START Supplied records

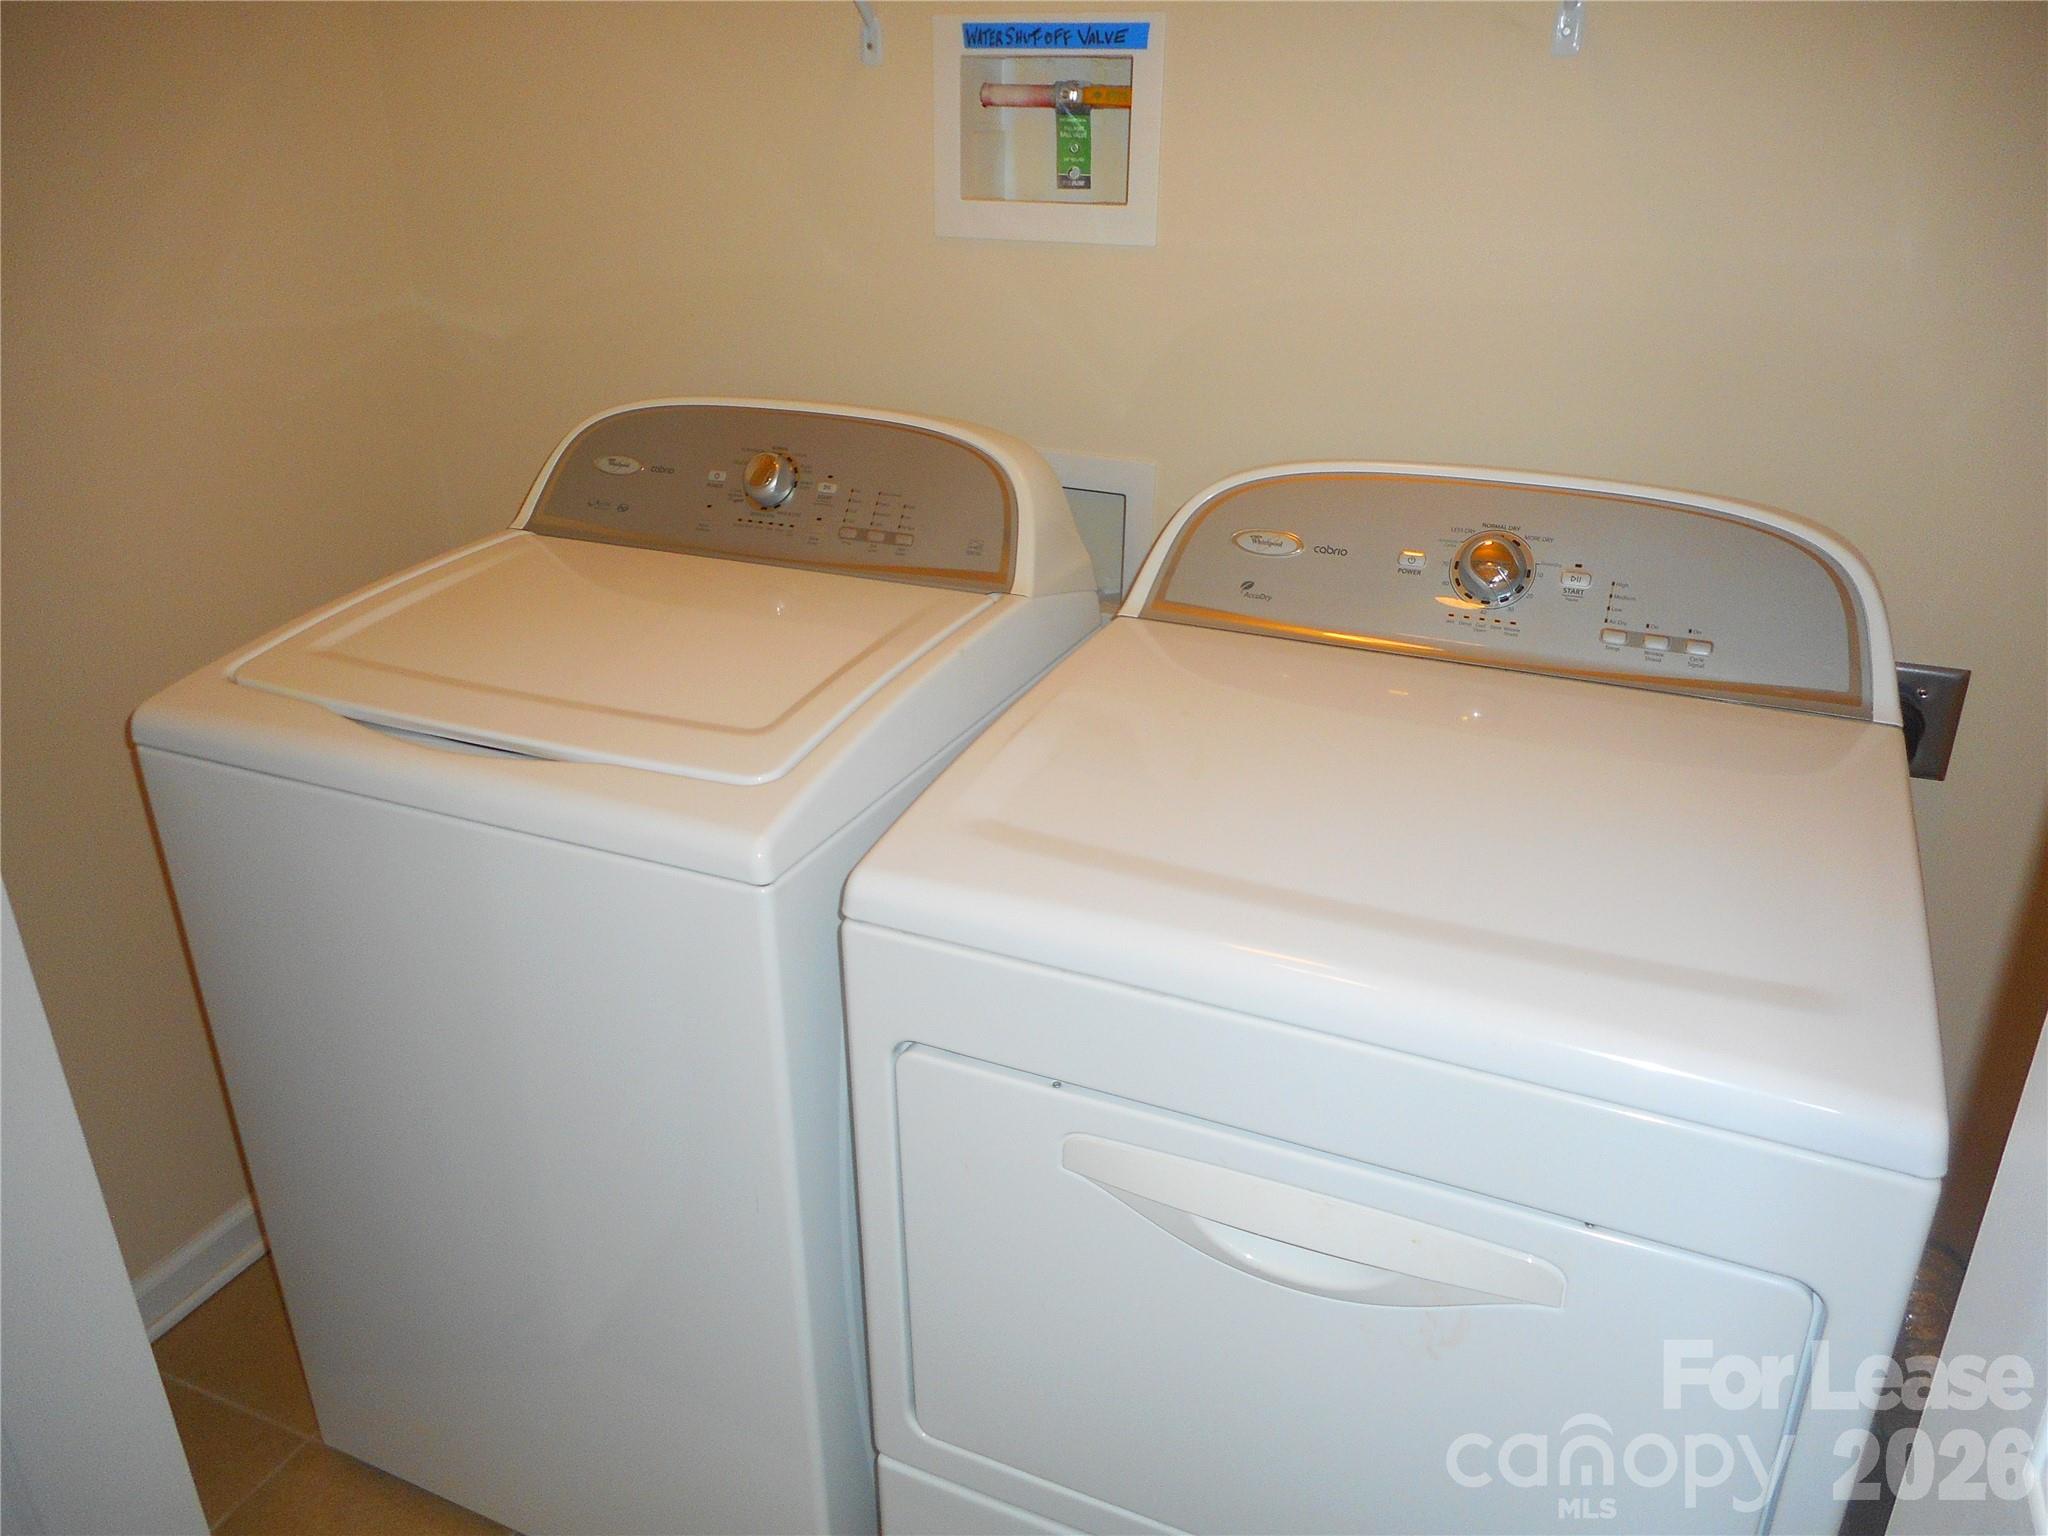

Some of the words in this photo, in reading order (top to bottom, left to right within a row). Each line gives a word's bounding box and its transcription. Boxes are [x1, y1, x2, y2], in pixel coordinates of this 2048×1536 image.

[966, 25, 1004, 47] WATER
[1045, 28, 1073, 46] OFF
[1078, 24, 1129, 46] VALVE
[1482, 522, 1507, 531] NORMAL
[1508, 524, 1522, 532] DRY
[1542, 536, 1555, 544] DRY
[1313, 544, 1349, 557] cabrio
[1397, 568, 1422, 577] POWER
[1562, 587, 1585, 596] START
[1243, 592, 1273, 602] AccuDry

END Supplied records

= What you should do =
Repeat the records word for word, skipping pictures.

= Expected output =
Some of the words in this photo, in reading order (top to bottom, left to right within a row). Each line gives a word's bounding box and its transcription. Boxes are [x1, y1, x2, y2], in pixel coordinates of this 2048×1536 image.

[966, 25, 1004, 47] WATER
[1045, 28, 1073, 46] OFF
[1078, 24, 1129, 46] VALVE
[1482, 522, 1507, 531] NORMAL
[1508, 524, 1522, 532] DRY
[1542, 536, 1555, 544] DRY
[1313, 544, 1349, 557] cabrio
[1397, 568, 1422, 577] POWER
[1562, 587, 1585, 596] START
[1243, 592, 1273, 602] AccuDry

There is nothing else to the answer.